Example 3 Chlorine is passed into 200 cc of 1,4-dioxane at 20.degree. After 36 hours, 115 g of tetrachloro-1,4-dioxane with a melting point of 101 ° are separated off by filtration. The oily mother liquor is then chlorinated for a further 48 hours, after which the chlorine uptake is almost complete. The oil obtained, weighing about 650 g with a chlorine content of 74.2%, is fractionally distilled in vacuo; crystals of hexachloro-1,4-dioxane with a chlorine content of 72.0% separate from the highest-boiling fractions (calculated 72.10 /,) and of heptachlorodioxane with a chlorine content of 74.7 (calculated 75.40 / '). Example 4 Chlorine, dried over concentrated sulfuric acid, is introduced at 20 ° into a solution of 10 g of 2,3-diphenyl-1,4-dioxane (melting point 50 °) in 50 cc of carbon tetrachloride. The solution turns lemon yellow. After 15 hours, hydrogen chloride escapes from the calcium chloride tube.
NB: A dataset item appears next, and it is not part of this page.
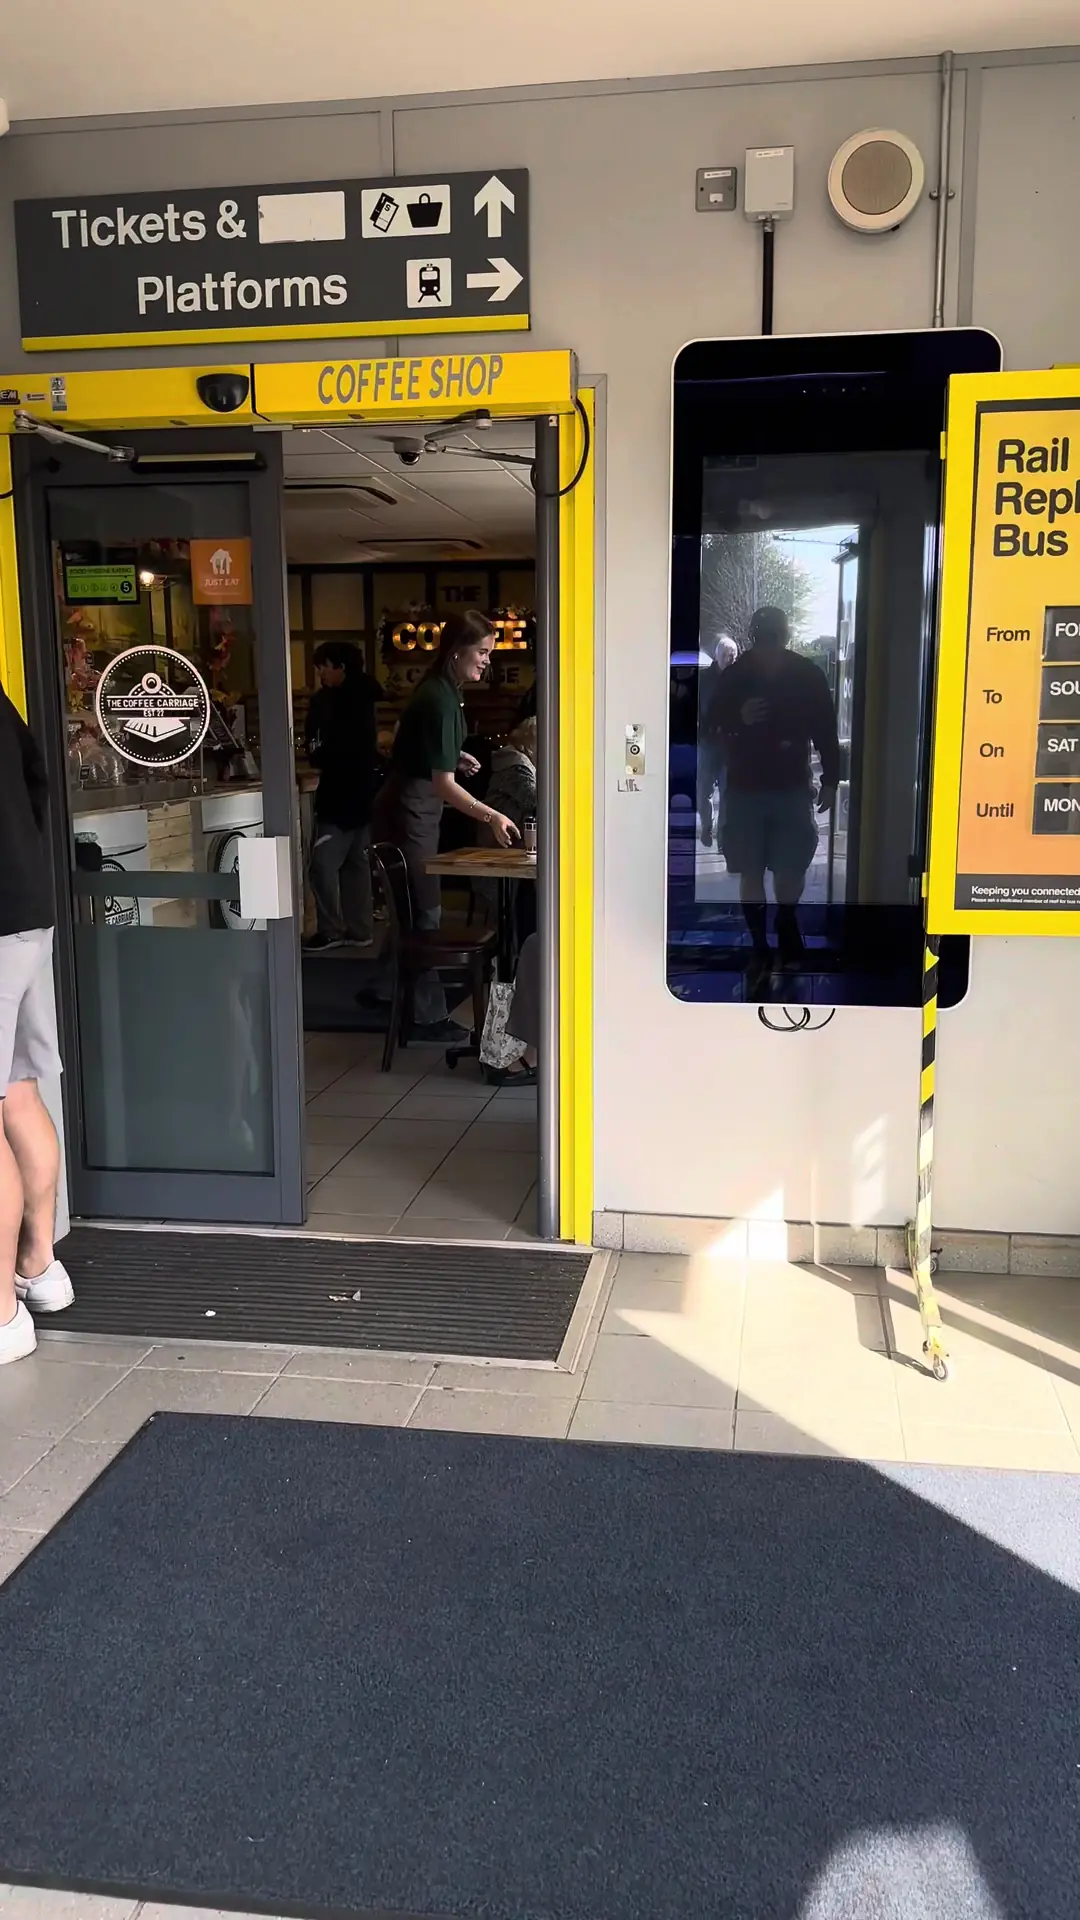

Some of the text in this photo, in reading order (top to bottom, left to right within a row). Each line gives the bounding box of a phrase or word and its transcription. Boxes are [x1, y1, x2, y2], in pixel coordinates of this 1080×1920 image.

After 100 hours, the chlorine and the tetrachloride are removed in vacuo. A yellow syrup remains, which is soluble in petroleum ether in the warm, but insoluble in the cold. The syrup is distilled in vacuo at 0.02 mm, the entire amount passing over at 130 to 150 °. There is a mixture of essentially tetrachloro-2,3-diphenyl-1,4-dioxanes.

Claims (3)

PATENT CLAIMS: 1. Process for the production of at least 4 chlorine atoms containing derivatives of 1,4-dioxane by chlorination of 1,4-dioxanes in liquid Phase, characterized in that 1,4-dioxane or its alkyl, aryl or cycloalkyl derivatives treated with chlorine at temperatures between 10 and 20 ° until the desired amount of chlorine has been absorbed. 2. The method according to claim 1, characterized characterized in that it is carried out in the presence of inert gases and / or solvents will. 3. The method according to claim 1 or 2, characterized in that under the Exposure to light or ultraviolet radiation is being worked on. Considered Publications: German Patent No. 705 435; German patent application no. D 6200 IVc / 12q.